Ordinarily, Muslims hasten to bury the dead as soon as possible after the moment of death. But in this case the bodies of the nine terrorists will remain in a Mumbai morgue until the government can reach a decision on what to do, and that may take some time. (Mateen Hafeez, the reporter who broke the story for the"Times of India," wrote to me that several weeks could easily pass before the Mumbai police takes action, in consultation with the Ministries of External and Home Affairs. Legal hurdles may well emerge, if relatives claim the bodies or if religious organizations contest the deceased men's right to cremation or burial.) Meanwhile Indians are engaged in a riveting debate on whether to treat the corpses with dignity--or not. It is, in fact, very important to think this matter through.
A failure to handle the bodies properly might exacerbate tensions between India and Pakistan, and lead to Muslim-Hindu acrimony. Yet the government cannot just leave the dead for eternity in the Sir J.J. Hospital mortuary. It must act soon and decisively, so as not to squander a precious opportunity to make a powerful symbolic statement against terrorism.
Shipping the bodies to Pakistan may seem like a good idea, a way to say to that country,"Here, deal with your terrorists." But Pakistan might well grant the terrorists a Muslim burial, Indians would become furious, and foreign relations between the countries would further deteriorate.
Another option for the Muslim Council to entertain is a symbolic inversion of Islamic death rituals.

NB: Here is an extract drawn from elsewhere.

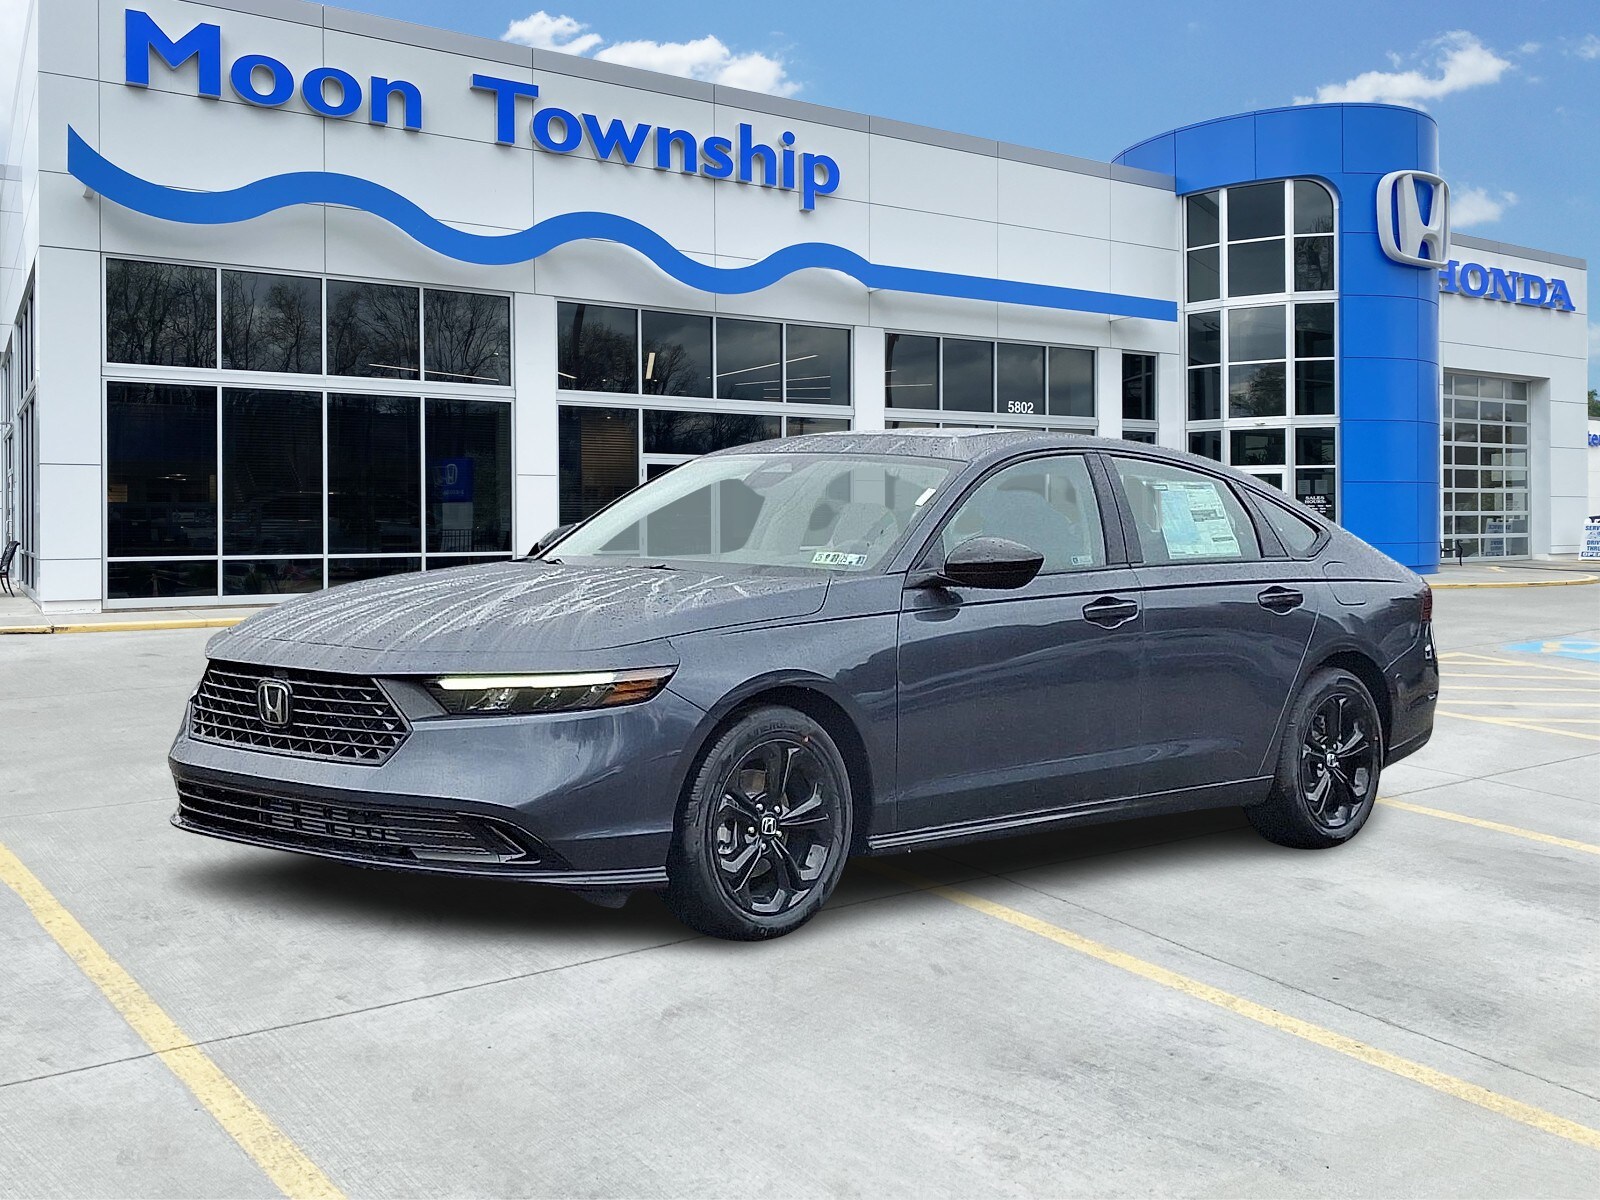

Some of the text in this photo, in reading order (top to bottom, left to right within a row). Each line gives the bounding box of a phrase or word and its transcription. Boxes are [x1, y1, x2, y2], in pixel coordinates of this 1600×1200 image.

[125, 9, 840, 212] Moon Township
[1007, 400, 1034, 414] 5802
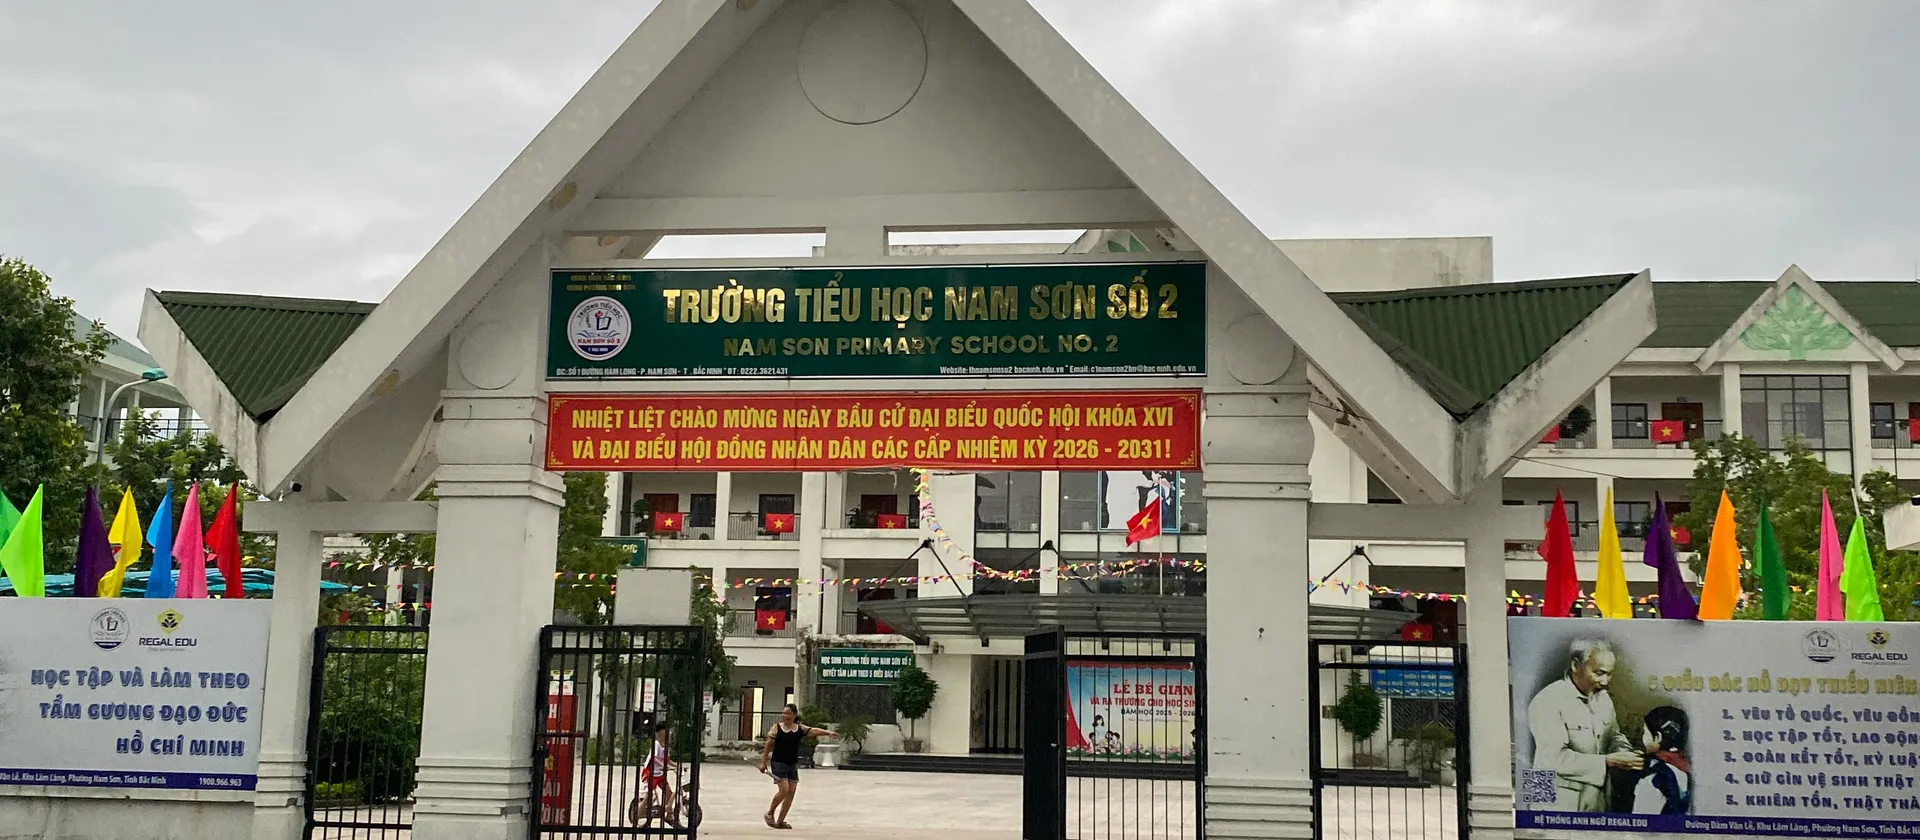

Normally, Muslims who die an ordinary death are wrapped in shrouds, which envelop the entire body; they are deposited in the grave on their right side and facing Mecca, the direction of Muslim prayers; and ideally a community of forty or more Muslims gathers to intercede with God on their behalf. Martyrs undergo different treatment. According to the Shari'a they should be buried in the battlefield in whatever clothes they were wearing at the time of death, with dirt, bloodstains, and all. They need no funerary prayer to enjoy the afterlife. Martyrdom alone guarantees their salvation. Terrorists would rejoice at the prospect of burial outside of a Muslim cemetery, in their old clothes, without a prayer, for such a fashion of corpse disposal actually resembles what Islamic law prescribes for martyrs.
Why not bury the dead only in yellow underwear, leaving the body shamefully exposed? In the grave, the corpse can be contorted and made to face away from Mecca, because that posture is considered a sign of eternal damnation, a sign that the dead will be tortured in the grave and perhaps refused entry into Paradise. Forty or more Muslims would then gather at the graveside, not to intercede on behalf of the terrorists, but against them. According to an authoritative Islamic tradition, Muslims act as"God's witnesses on earth." When they choose to disparage, rather than to pray, for wicked persons, Hell-Fire will be their certain destination.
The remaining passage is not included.